Judge Paul S. Grewal, who is now Deputy G.C. of Facebook, said quoting The Sedona Conference in Vasudevan: There is no magic to the science of search and retrieval: only mathematics, linguistics, and hard work.Vasudevan Software, Inc. v. Microstrategy Inc., No. 11-cv-06637-RS-PSG, 2012 US Dist LEXIS 163654 (ND Cal Nov 15, 2012) (quoting The Sedona Conference, Best Practices Commentary on the Use of Search and Information and Retrieval Methods in E-Discovery, 8 Sedona Conf. J. 189, 208 (2007). There is also no magic to the art of estimation, no magic to calculating the likely range of cost to search and retrieve the documents requested. Judge Grewal refused to make any decision in Vasudevan without expert assistance, recognizing that this area is “fraught with traps for the unwary” and should not be decided on mere arguments of counsel.

Judge Grewal did not address the procedural issue of whether Rule 702 should govern. But he did cite to Judge Facciola’s case on the subject, United States v. O’Keefe, 537 F. Supp. 2d 14 (D.D.C. 2008). Here Judge Facciola first raised the discovery expert evidence issue. He not only opined that experts should be used, but that the parties should follow the formalities of Evidence Rule 702. That governs things such as whether you should qualify and swear in an expert and follow otherwise follow Rule 702 on their testimony. I discussed this somewhat in my earlier article this year, Judge Goes Where Angels Fear To Tread: Tells the Parties What Keyword Searches to Use.

Judge Facciola in O’Keffe held that document review issues require expert input and that this input should be provided with all of the protections provided by Evidence Rule 702.

Given this complexity, for lawyers and judges to dare opine that a certain search term or terms would be more likely to produce information than the terms that were used is truly to go where angels fear to tread. This topic is clearly beyond the ken of a layman and requires that any such conclusion be based on evidence that, for example, meets the criteria of Rule 702 of the Federal Rules of Evidence. Accordingly, if defendants are going to contend that the search terms used by the government were insufficient, they will have to specifically so contend in a motion to compel and their contention must be based on evidence that meets the requirements of Rule 702 of the Federal Rules of Evidence.

Conclusion

In the Boiler Chicken Antitrust Order of July 27, 2018, a motion for protective order was denied because of inadequate evidence of burden. All the responding party did was quote a price-range, a number presumably provided by an expert, but there was no explanation. More evidence was needed, both expert and fact. I agree that generally document review cost estimation requires opinions of experts. The experts need to be proficient in two fields. They need to know and understand the science of document search and retrieval and the likely costs for these services for a particular set of data.

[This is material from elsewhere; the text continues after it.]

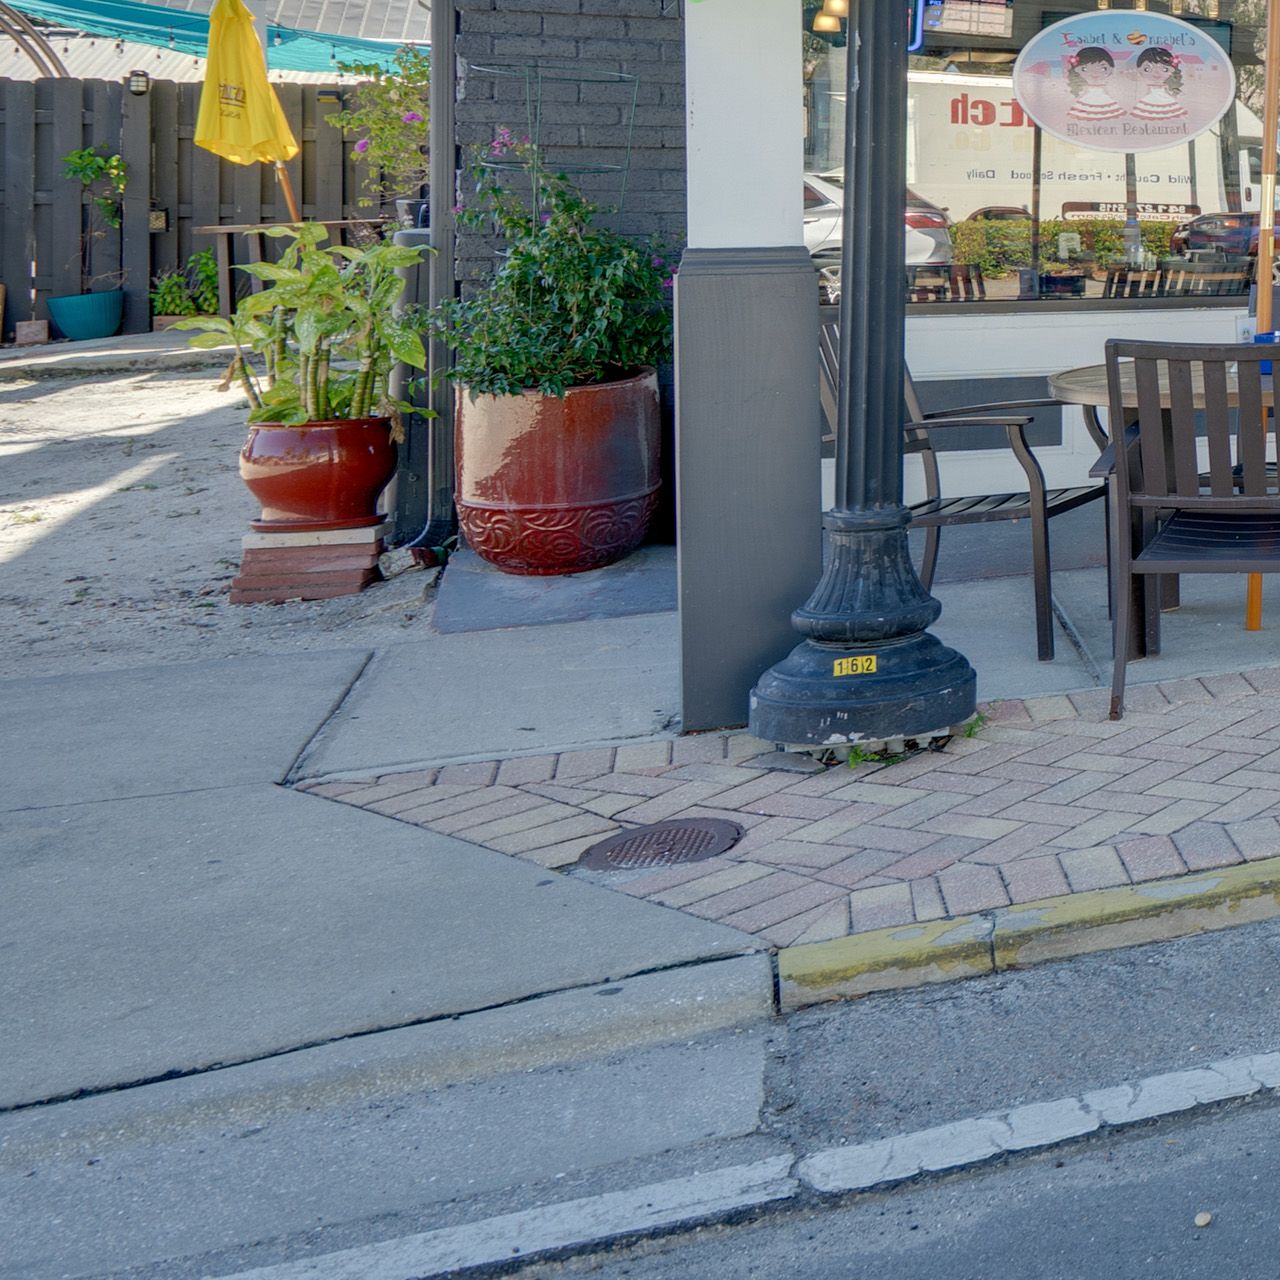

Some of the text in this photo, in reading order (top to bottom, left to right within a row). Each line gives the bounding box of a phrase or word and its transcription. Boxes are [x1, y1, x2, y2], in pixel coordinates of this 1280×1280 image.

[1066, 122, 1189, 136] Mexican Restaurant
[837, 657, 873, 674] 162

Although all of the formalities and expense of compliance with Evidence Rule 702 may be needed in some cases, it is probably not necessary in most. Just bring your expert to the attorney conference or hearing. Yes, two experts may well disagree on some things, probably will, but the areas of agreement are usually far more important. That in turn makes compromise and negotiation far easier. Better leave the technical details to the experts to sort out. That follows the Rule 1 prime directive of “just, speedy and inexpensive.” Keep the trial lawyers out of it. They should instead focus and argue on what the documents mean.